You can't have a valid derivation that starts from a wrong premise, unless you're doing a proof by contradiction. In any case, the lie seems totally superfluous here. Why not have a yellow dot event in the left diagram that occurs at t=0 in the A frame, and a pink dot event in the right diagram that occurs at t'=0 in the B frame, and just not say anything one way or another about whether these two events are identical or different? What exactly would be lost?
neopolitan said:
The thing is, the average student being introduced to relativity would not be like you and want to know the precise spacetime location of the YDE. Can you understand that?

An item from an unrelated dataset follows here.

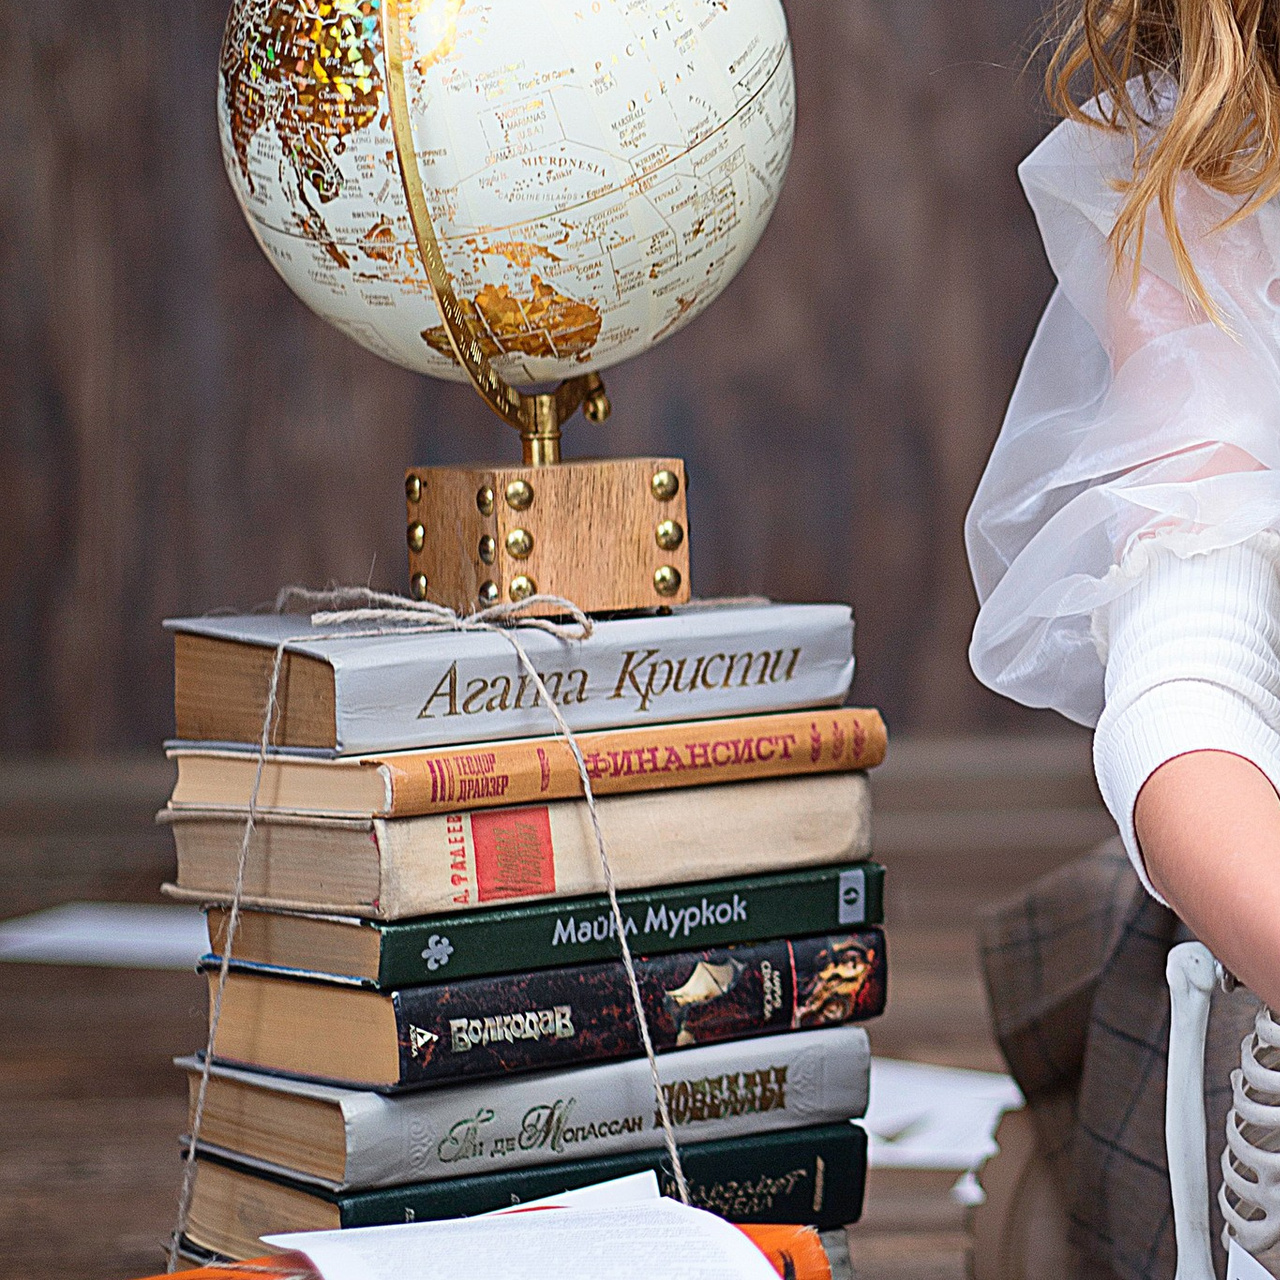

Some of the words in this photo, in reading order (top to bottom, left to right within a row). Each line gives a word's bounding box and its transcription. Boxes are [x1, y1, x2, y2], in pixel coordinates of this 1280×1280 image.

Anyone who's familiar with the use of coordinate systems at all (Galilean or otherwise) will want to know the coordinates of any event that's introduced, even if they are presented in abstract rather than numerical notation. As an example, how do you expect the student would understand that x
a (the space coordinate of the YDE in the A frame) should equal ct
a (where t
a is the time coordinate the the photon passes A) if they don't assume the photon was traveling at c and the YDE occurred at t=0?
neopolitan said:
Addressing the second first, I'm not really using simultaneity. I'm using extrapolation.
If A and B are colocated and a photon passes A a period of ta later, then A can extrapolate that the photon must have been at xa=c.ta when A and B were colocated.
How does this contradict the idea that you're using simultaneity to define the YDE? If you define the YDE as where the photon was "when A and B were colocated", that's exactly equivalent to defining the YDE event as the point on the photon's worldline that's simultaneous with A and B being colocated--to say two events are simultaneous is just another way of saying one event happened when the other event did. The fact that you can then
use this definition (along with the fact that the photon passed A at t
a, and the assumption that the light was traveling at c) to extrapolate the position of the YDE doesn't somehow invalidate the fact that simultaneity with A & B's colocation was key to the original definition.
neopolitan said:
No explicit relativity of simultaneity.
I just said that the YDE was defined in terms of simultaneity with A&B's colocation in each frame, I didn't say anything about the
relativity of simultaneity. Again, simultaneity just means "at the same time coordinate", it's perfectly OK to use the word simultaneity in a discussion of Galilean frames when there is
no relativity of simultaneity because all frames agree whether or not two events are simultaneous. I made this point in my last post too:
But by talking about where the photon was "when A and B were colocated" you are using the concept of simultaneity. We don't have to get into the *relativity* of simultaneity of course, if we want to use the Galilei transform then simultaneity is non-relative. But in this case it's impossible that the light could move at c in both frames, as I keep saying.
neopolitan said:
And hopefully I have explained here why I am not fussed about the when and where of the YDE and what ta is (between what and what).
No, nothing you have said helps me to make any sense of what it could mean to have a well-defined problem where you introduce events without any notion of their coordinates, or introduce terms without knowing their physical meaning. If you're "not fussed" about the coordinates of the YDE or what t
a means, will it make no difference to your derivation if I secretly choose to assume the YDE occurred at t=-1000*t
a (still assuming that A and B were colocated at t=0), or that t
a refers to the time coordinate of A marking the 30th anniversary of the photon having passed him?